Demote and Promote is to save your original headers


----------



## Joyner (Aug 9, 2019)

Thank you so much and thank you for the speedy reply.  I got it working that is brilliant.

So another question if I can. So after I apply the procedure as you outline, as I want, some columns are deleted and others are then added.  Now I have a problem that when I refresh, I get an error that the column names I deleted are not found - they are in my code in a previous step when I reorder columns.  Since that code lists the order of all columns by specific reference, including now the ones deleted, if error on the line where the deleted columns are referenced.

Do you happen to have any tricks for that issue (or course I am just using the code as written when I click through the steps, so I am probably using a non-dynamic code).

Thanks again


----------



## sandy666 (Aug 9, 2019)

it was the easiest way to achieve what you wanted in the first post.
manipulating the structure of the data source is a very bad idea, so it's best to plan what the source table should look like so that you don't improve it later.
by changing the source data structure you prevent the correct operation of the previously defined M-code (in most cases)
In this case you change the structure of the source and at the same time you change the structure of Query-table (Transpose, Remove Columns)
the thing you want to achieve now is much more complicated and requires time and all necessary information about the structure, what changes you will do and some more.
it's best to provide a link to a *shared* excel file with an example of the data source and based on what you want to achieve


----------



## Joyner (Aug 9, 2019)

Hello Sandy, so I found "MissingField.Ignore".  It seems to works, is this a safe and correct workaround?

Thanks


----------



## Joyner (Aug 9, 2019)

My line for reordering columns is doing some strange things, with each refresh the two columns that are new, and therefore not specifically referenced in my reorder line of code, start on the end where they belong, but keep moving one position to the left with each refresh. 

So I think I need to rewrite the line of code.

What I need to do in that step, is reorder the last column ( a created conditional column) to the front.  Can I write it like "move column xyz to position one, and avoid listing all of the other columns in the code as it is automatically written?

Hope that is clear - Thanks


----------



## sandy666 (Aug 9, 2019)

Joyner said:


> MissingField.Ignore, is this a safe and correct workaround?



this is optional parameter in record and table

whole PQ is safe and works well if you know what are you doing    

edit:

re-read last line in post#6


----------



## Joyner (Aug 9, 2019)

Thanks, I'll take a look at the post.

So one bit of correction is the column I have to move from the end is put there as the result of a merge query, but I need the column to be the first column  position for my output.  So I need he last column moved to the first without specific reference to the remaining columns.

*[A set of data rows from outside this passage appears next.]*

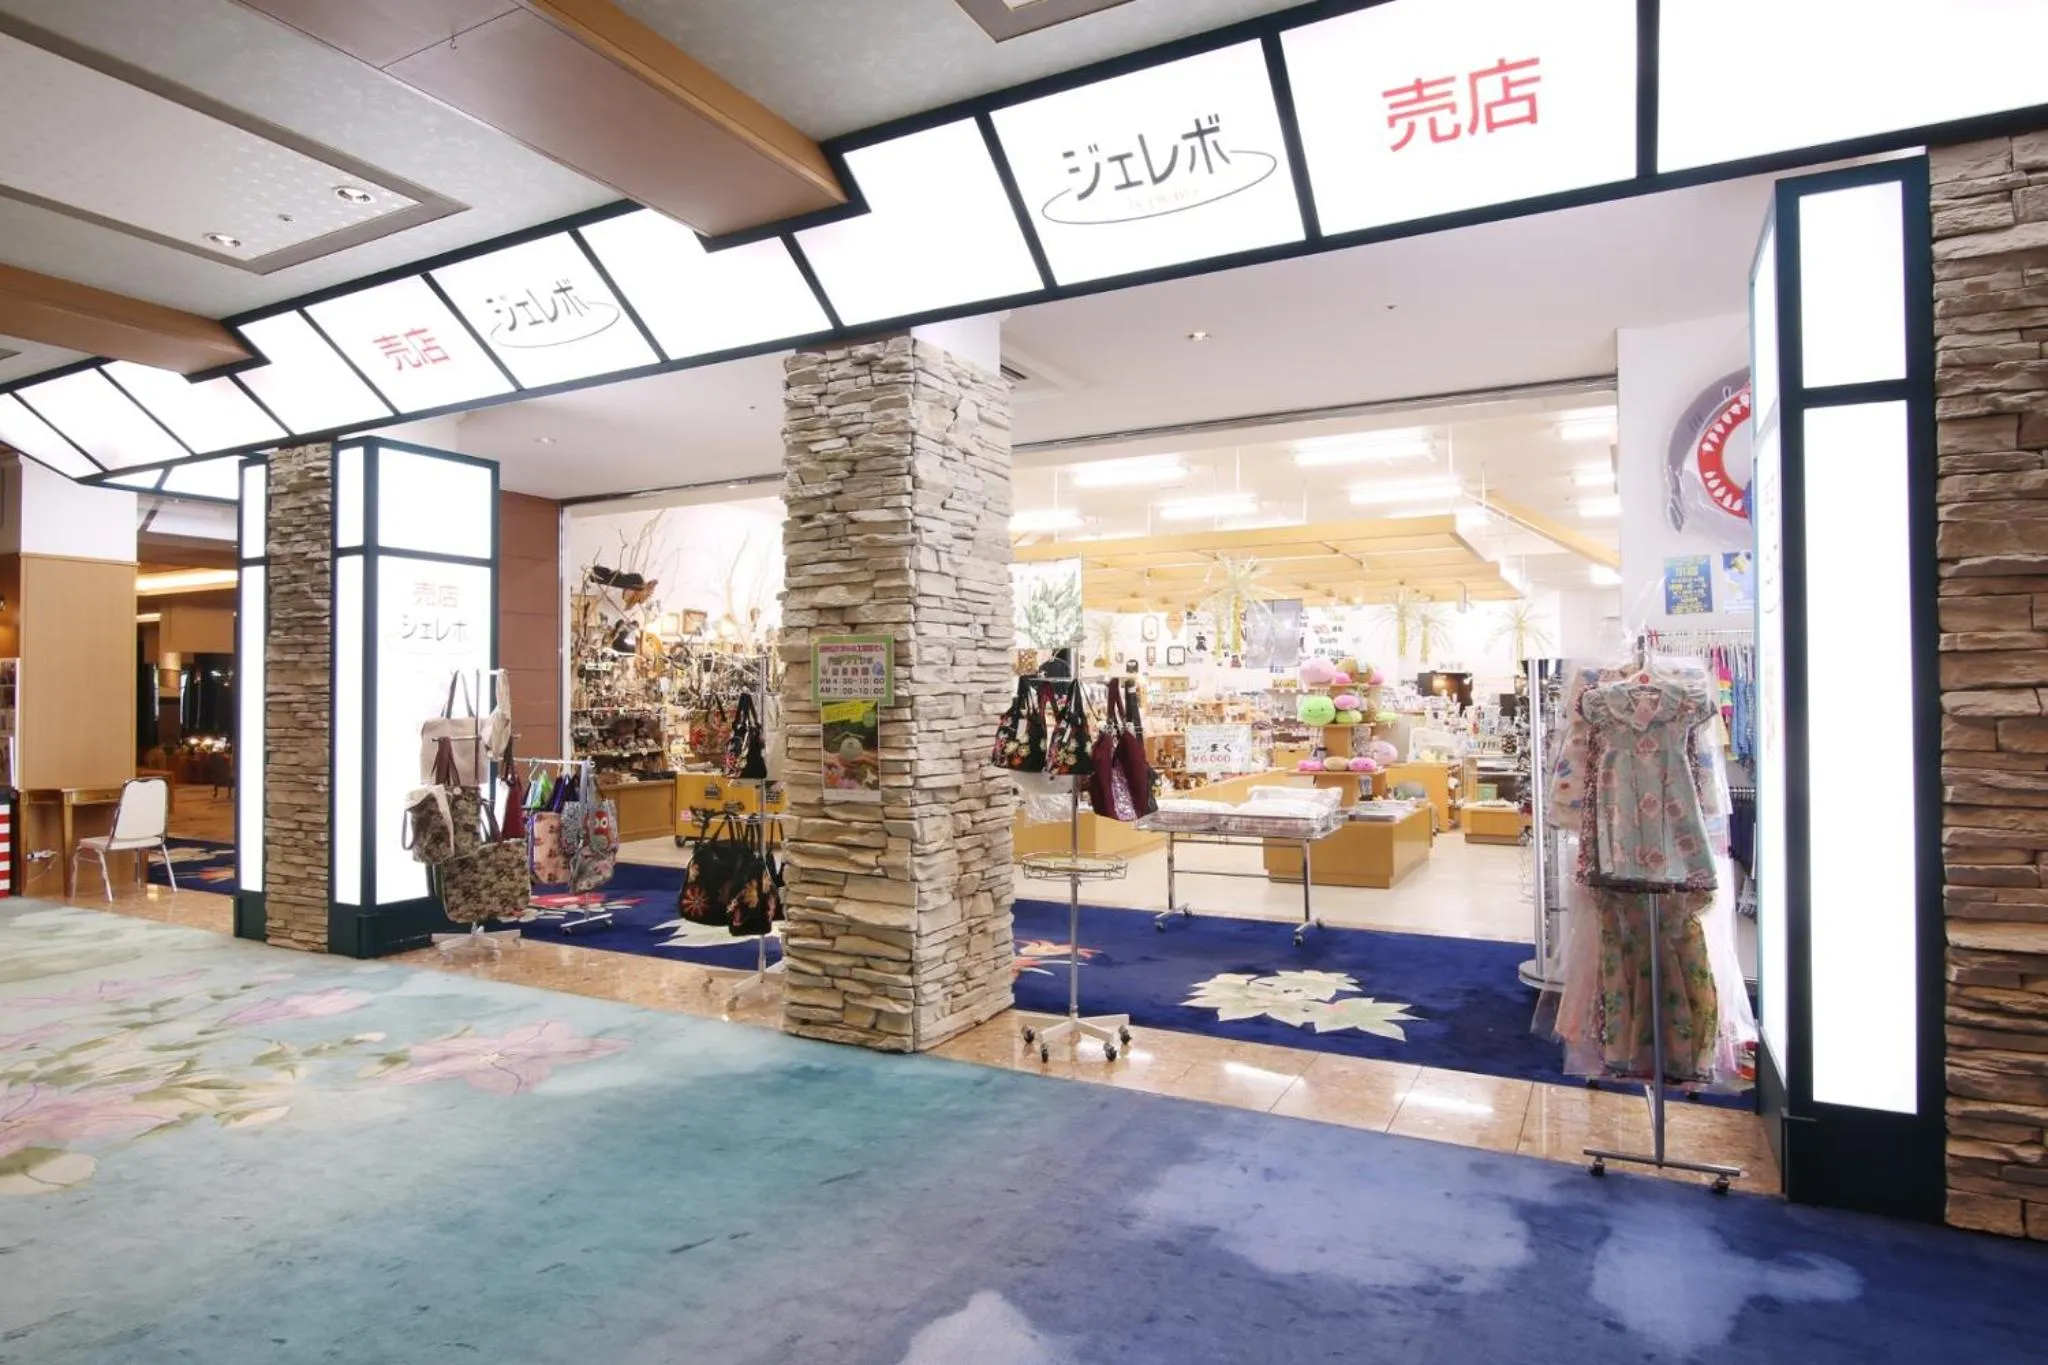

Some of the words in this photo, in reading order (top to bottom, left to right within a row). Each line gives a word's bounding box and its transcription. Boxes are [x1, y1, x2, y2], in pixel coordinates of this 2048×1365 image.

[1381, 57, 1542, 151] 売店
[1062, 113, 1231, 201] ジェレボ
[486, 278, 591, 332] ジェレボ
[373, 327, 450, 371] 売店
[412, 581, 460, 608] 売店

I am new to this so maybe my overall understanding of the structure / planning is flawed.

Thanks again


----------



## Joyner (Aug 8, 2019)

Hello everyone and thank you for the help.

Is this possible?

I am a doing an append query and if the last row has a null value, I want to remove that particular column that has the null value in the last row, there could be multiple columns with null.

Thank you.


----------



## sandy666 (Aug 9, 2019)

right click on that column and : Move - To Beginning


----------



## Joyner (Aug 9, 2019)

Thanks, I did that but the line of code still lists all of the other columns, some that will be deleted in the futures and others are added (they are date column heading that shift periodically, old dated drop off, new ones are added).


----------



## sandy666 (Aug 9, 2019)

it doesn't make sense to me 
create new table with dates and create relationship between them
then you can add/remove columns without any error(s) (probably)

Have a nice day


----------



## Joyner (Aug 9, 2019)

I think that is what I did, I have a table of the dates, but it is a bit more complicated perhaps because users enter data into one table used for a query so I most maintain the position for when new dates are added and people are also added and drop off.

I actually have it working as planned and tested, now just this last bit about the reorder of one column.


Can I ask one more question, when I do a merge query, can I somehow specify that it add the query field to the beginning of the table and not the end as it is doing?  If I can, then my problem is solved. 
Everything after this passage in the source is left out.